- Opening Delimiter -

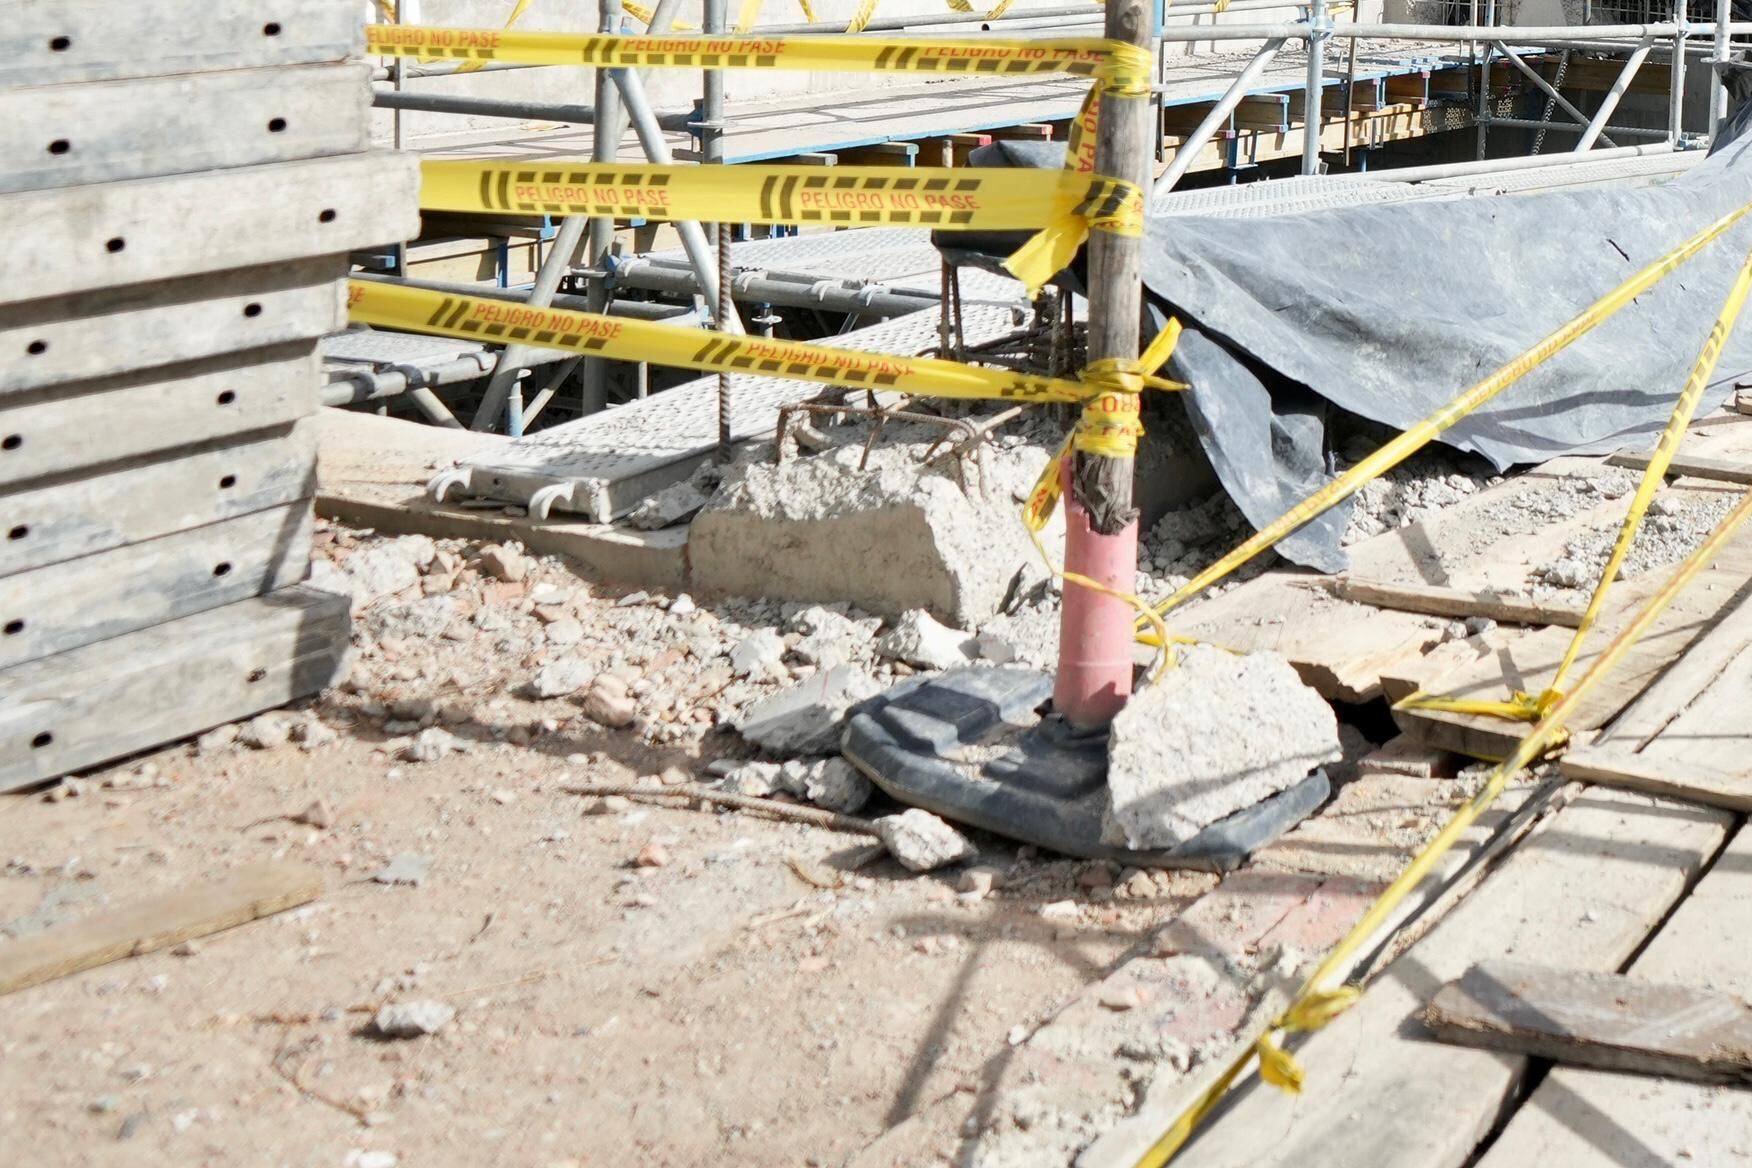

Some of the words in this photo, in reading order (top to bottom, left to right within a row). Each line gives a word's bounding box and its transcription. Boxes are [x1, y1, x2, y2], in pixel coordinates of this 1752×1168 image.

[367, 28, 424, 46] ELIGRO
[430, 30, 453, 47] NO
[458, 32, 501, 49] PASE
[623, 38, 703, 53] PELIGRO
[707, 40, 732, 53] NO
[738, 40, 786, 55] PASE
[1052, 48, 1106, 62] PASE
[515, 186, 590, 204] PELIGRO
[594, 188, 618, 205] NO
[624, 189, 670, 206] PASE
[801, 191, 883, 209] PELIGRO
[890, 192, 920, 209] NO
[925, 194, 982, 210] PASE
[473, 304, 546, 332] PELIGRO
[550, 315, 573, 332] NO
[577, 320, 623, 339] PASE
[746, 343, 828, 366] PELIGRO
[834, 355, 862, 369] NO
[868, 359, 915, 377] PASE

- Closing Delimiter -

TASK PROMPT
Transcribe all of the records exactly, without reproducing their pictures.

SOLUTION FOR THIS TASK
Some of the words in this photo, in reading order (top to bottom, left to right within a row). Each line gives a word's bounding box and its transcription. Boxes are [x1, y1, x2, y2], in pixel coordinates of this 1752×1168 image.

[367, 28, 424, 46] ELIGRO
[430, 30, 453, 47] NO
[458, 32, 501, 49] PASE
[623, 38, 703, 53] PELIGRO
[707, 40, 732, 53] NO
[738, 40, 786, 55] PASE
[1052, 48, 1106, 62] PASE
[515, 186, 590, 204] PELIGRO
[594, 188, 618, 205] NO
[624, 189, 670, 206] PASE
[801, 191, 883, 209] PELIGRO
[890, 192, 920, 209] NO
[925, 194, 982, 210] PASE
[473, 304, 546, 332] PELIGRO
[550, 315, 573, 332] NO
[577, 320, 623, 339] PASE
[746, 343, 828, 366] PELIGRO
[834, 355, 862, 369] NO
[868, 359, 915, 377] PASE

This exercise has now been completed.